I guess by definition I am a vegan, but I don’t think of myself as one. In fact, just last fall I shared a glorious New York City Lombardi’s pizza; fully loaded with bacon, italian sausage and cheese, with my wife, while visiting the Big Apple. Like they say, “when in Rome...” (Don’t get me wrong, it was a special occasion - virtually the only time I have had any meat/dairy product since I started this whole journey.) I try to just think of myself as mostly raw and do my best to keep in line with what I know to be true and is good for me. I know that not all vegans are “that” way, but, in my experience, I have found a lot of people living at either end of that spectrum and, I fear, their extreme antics distract from the issues they want to champion. While I am writing this post about the downfalls of the vegan lifestyle, I agree with veganism in principal: It IS the healthiest way to live (again, read it for yourself) and that the meat and dairy industry is at the center of a lot of problems we face in society and the more people that become educated about it, the closer we will be to a collective understanding on the issues.

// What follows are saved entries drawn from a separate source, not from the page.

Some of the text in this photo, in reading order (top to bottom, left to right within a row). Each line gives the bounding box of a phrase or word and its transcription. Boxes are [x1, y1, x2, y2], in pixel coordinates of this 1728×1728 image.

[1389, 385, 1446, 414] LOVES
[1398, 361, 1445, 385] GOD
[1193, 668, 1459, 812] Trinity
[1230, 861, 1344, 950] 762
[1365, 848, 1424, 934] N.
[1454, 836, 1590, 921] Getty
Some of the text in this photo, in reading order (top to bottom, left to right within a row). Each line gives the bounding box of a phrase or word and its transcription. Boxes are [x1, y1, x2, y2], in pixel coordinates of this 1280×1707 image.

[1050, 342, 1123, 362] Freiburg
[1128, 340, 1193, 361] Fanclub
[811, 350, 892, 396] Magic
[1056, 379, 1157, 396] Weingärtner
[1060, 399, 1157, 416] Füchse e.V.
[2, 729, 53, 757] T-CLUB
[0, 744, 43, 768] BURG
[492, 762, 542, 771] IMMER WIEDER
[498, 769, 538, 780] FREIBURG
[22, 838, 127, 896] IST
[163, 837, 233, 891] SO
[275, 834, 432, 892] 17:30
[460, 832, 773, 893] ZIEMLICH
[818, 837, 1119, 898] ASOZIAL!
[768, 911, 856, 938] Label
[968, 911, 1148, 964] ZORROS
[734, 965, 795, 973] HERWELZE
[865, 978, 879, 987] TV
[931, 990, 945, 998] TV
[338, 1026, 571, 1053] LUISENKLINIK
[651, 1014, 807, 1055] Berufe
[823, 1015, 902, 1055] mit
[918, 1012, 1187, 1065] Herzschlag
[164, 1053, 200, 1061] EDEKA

My story may be an unique one in that I came to be a “vegan” in an organic way. I believe that if I, a former meat and potato guy, that did in fact make fun of my cousin, Lisa, for years about her being a vegetarian (sorry Lisa!), that we don’t need to resort to extreme methods and antics to make “believers” of everyone. I’m not even sure if that is a realistic goal. People don’t like being told what to do, or what to eat. From my perspective, I think that the most we can expect to accomplish is to help break down the illusion built up around the “health” benefits that the standard North American diet has used to cater to special interest groups like the meat and dairy industry.

1 comment:

  1. Hey Eric, it's Mike (Nesrallah);
    I completely agree with you man. I've seen some of these extreme raw foodists, and they do look sickly, pale and prematurely wrinkly. Human's aren't supposed to look like that.
    I totally respect the choices you make, especially since they are with good motives, and you are well-informed.
    I'm lucky that my mom has raised me to dislike junk food and have a natural inclination towards healthy, seasonal foods. She actually runs a shop on Chricton St., called 42 Chricton Fine Foods 'Terroir Cuisine'. It's not vegan by any stretch, but she's a chef who focuses on local, seasonal foods and is completely against the mistreatment of animals.
    I might actually be working there full-time this summer, you should swing by and say hey sometime man.